No al plebiscito de Santos
Alvaro Hernán Prada
No podemos tolerar más trampas a este presidente enfermo por engañarnos. En las últimas semanas, nos engañó enviándole una carta al ex presidente Uribe, que según Santos venía de lo más profundo de su corazón. En ella dijo varias mentiras que se comprobaron de inmediato, evidenciando que la única verdad que habita en sus afectos, es una estrategia perversa, con amor declarado por las Farc. Tenía solo la intención de producir un efecto mediático. Así quedo demostrado con la respuesta dada por el ex presidente a través de los medios, abriendo la posibilidad de sentarse con el gobierno y las farc preguntándoles si de verdad estaban dispuestos a revisar algunos puntos del acuerdo como el de impunidad o el que permite elegibilidad a los mayores terroristas. Enseguida salieron gobierno y farc a contestarle que no, con injurias y calumnias. Entonces para que le escribieron Santos y su socio Timochenko? Para dejar constancia.

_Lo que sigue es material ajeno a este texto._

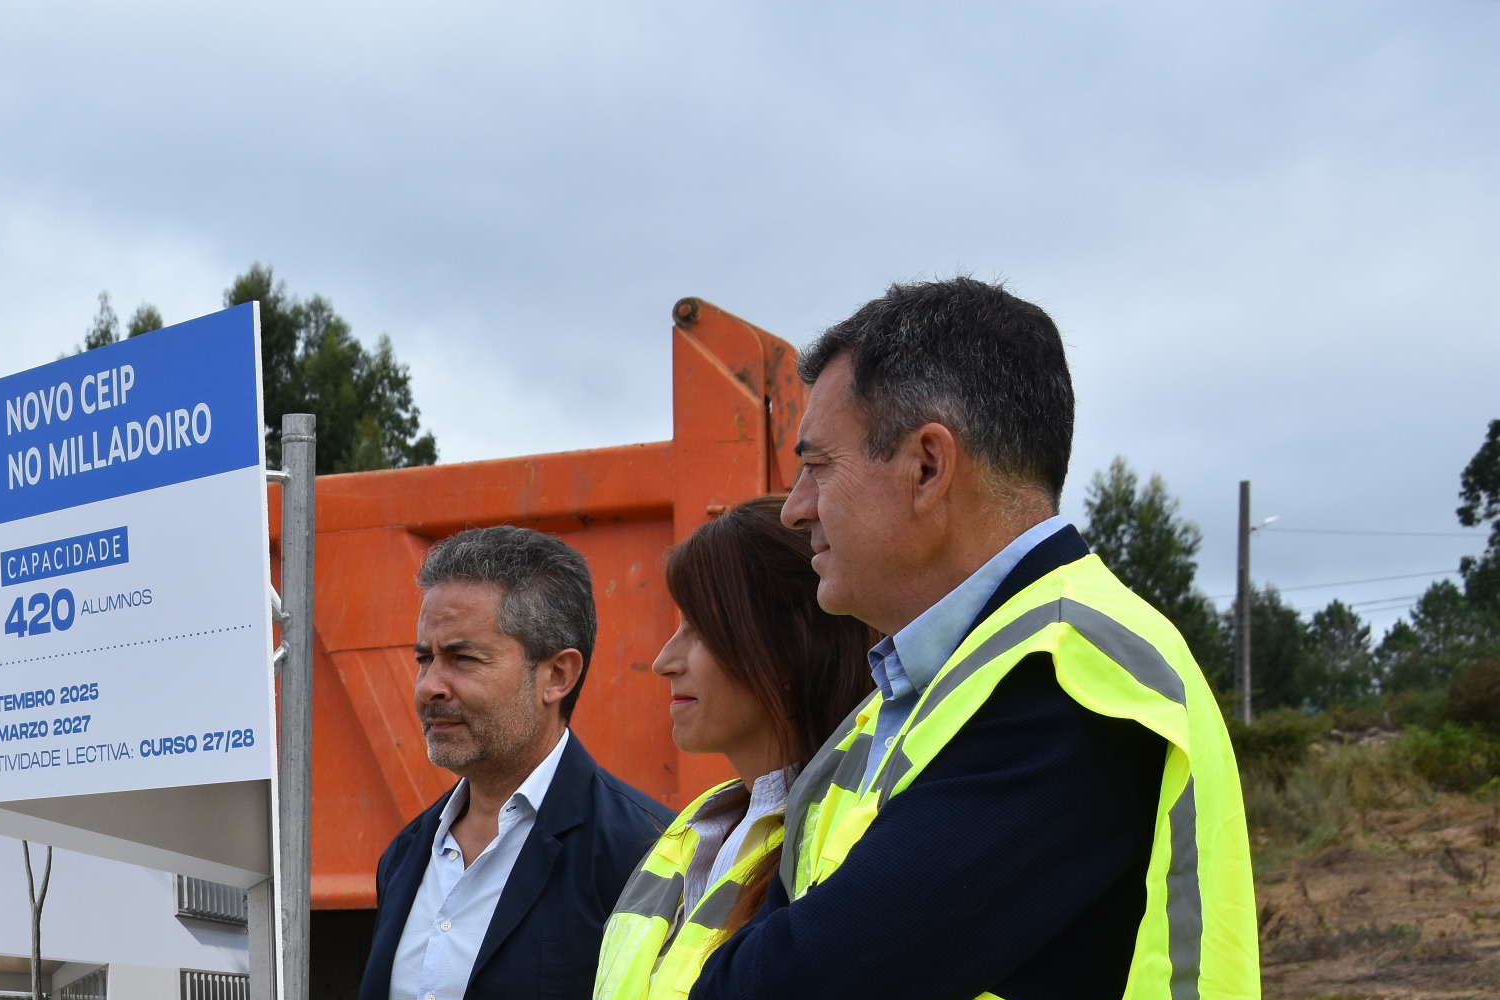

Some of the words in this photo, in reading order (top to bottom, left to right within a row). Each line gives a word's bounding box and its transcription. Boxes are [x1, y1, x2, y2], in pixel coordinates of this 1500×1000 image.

[6, 381, 74, 436] NOVO
[80, 364, 135, 415] CEIP
[8, 446, 42, 490] NO
[48, 402, 212, 480] MILLADOIRO
[7, 534, 122, 579] CAPACIDADE
[4, 588, 76, 638] 420
[80, 588, 153, 616] ALUMNOS
[59, 682, 99, 705] 2025
[53, 714, 92, 736] 2027
[66, 742, 134, 766] LECTIVA:
[139, 734, 198, 758] CURSO
[202, 728, 255, 753] 27/28
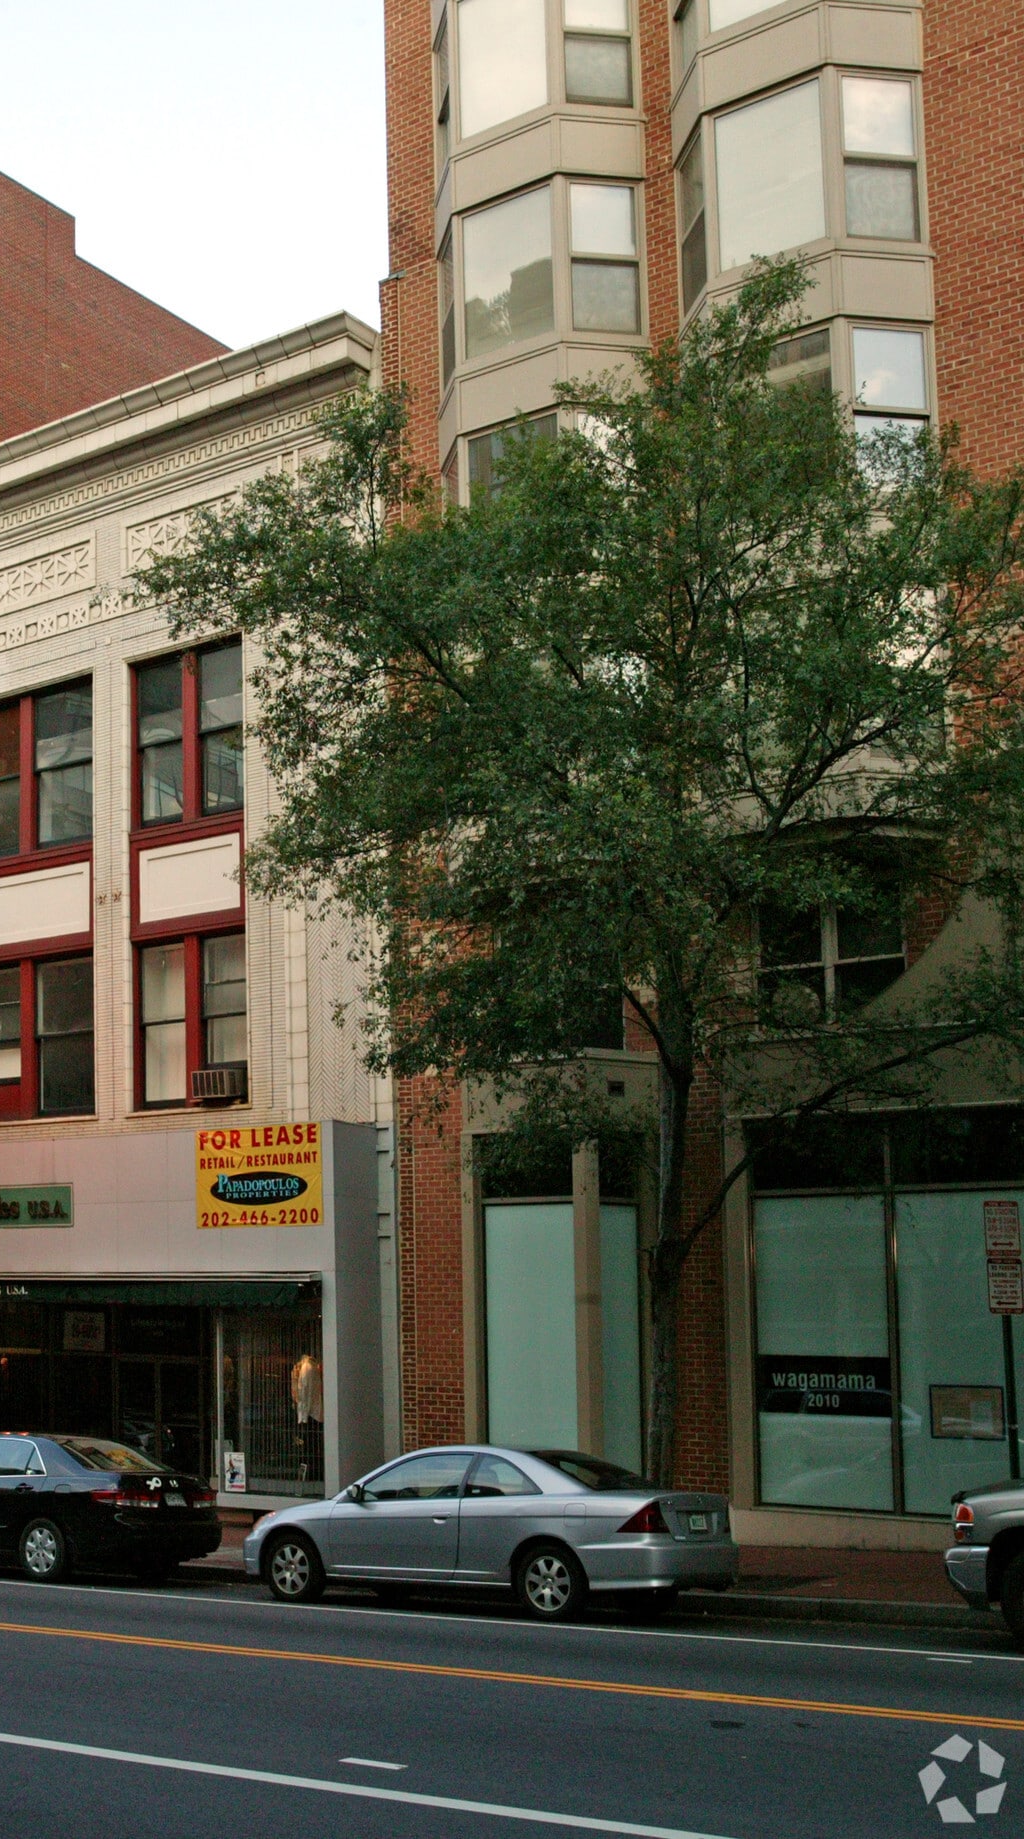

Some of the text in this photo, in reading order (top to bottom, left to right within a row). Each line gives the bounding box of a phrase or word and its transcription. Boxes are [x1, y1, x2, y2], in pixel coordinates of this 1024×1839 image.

[199, 1123, 318, 1151] FOR LEASE
[217, 1173, 300, 1193] PAPADOPOULOS
[226, 1189, 299, 1199] PROPERTIES
[201, 1207, 319, 1227] 202-466-2200
[772, 1372, 876, 1391] wagamama
[808, 1393, 840, 1408] 2010

Luego, en el discurso del 20 de julio Santos inicio oficialmente la campaña por el sí en el Plebiscito sin existir un acuerdo final, por supuesto el CNE tampoco se ha pronunciado sobre las reglas. No le gusta nada legal, solo la trampa, el engaño.
Engaño porque quiere confundir a los colombianos con una paz que de aprobarse el plebiscito nunca llegará. Lo negociado entre santos y farc es la toma del poder y para ello, dejaran bandidos en armas como lo anunciaron frentes y dejaran todos sus milicianos intactos para crear el miedo a la guerra urbana anunciada por su vocero de casa de Nariño. El plebiscito dará vía libre al golpe de estado de santos con el acto legislativo, empezara a regir la constitución de las farc con procedimientos más expeditos para que el secretariado disponga y ordene al congreso. Santos hará de los terroristas líderes sociales que no purgaron sus crímenes, tendrán reconocimiento político y serán vinculados a la historia de la nación como próceres de paz, engañando a las nuevas generaciones que no vivieron los horrores de las bombas, las masacres, los niños estallados contra el ejército ni las desapariciones forzadas. Será la herramienta para esconder sus atrocidades y dar impunidad a los autores. Asegurará que la guerrilla salga de la lista del terrorismo con impunidad, mientras los militares y policías serán juzgados en el tribunal creado en La Habana para encarcelarlos y culparlos de delitos no cometidos, como método de venganza mientras se consolida el imperio de las Farc al estilo Venezolano. El gobierno les entregará 31 zonas de distención al estilo el Caguan, republiquetas más pequeñas pero estratégicamente repartidas y desde ahí con sus corredores de narcotráfico, adoctrinaran a la comunidad, a las buenas o a las malas como lo han circulado por videos en estos días. Adiós libertad, imperio de la Ley y propiedad privada.
No podemos ser parte de la estafa histórica que nos dejara un camino de violencia para el futuro y la entrega de nuestra patria a unos asesinos. Si queremos la paz de verdad, tenemos que votar No y obligarlos a cambiar el mal acuerdo por uno bueno. Castiguemos la gestión de santos con su plebiscito. Al ganar el No, tendrá que renunciar como lo dijo.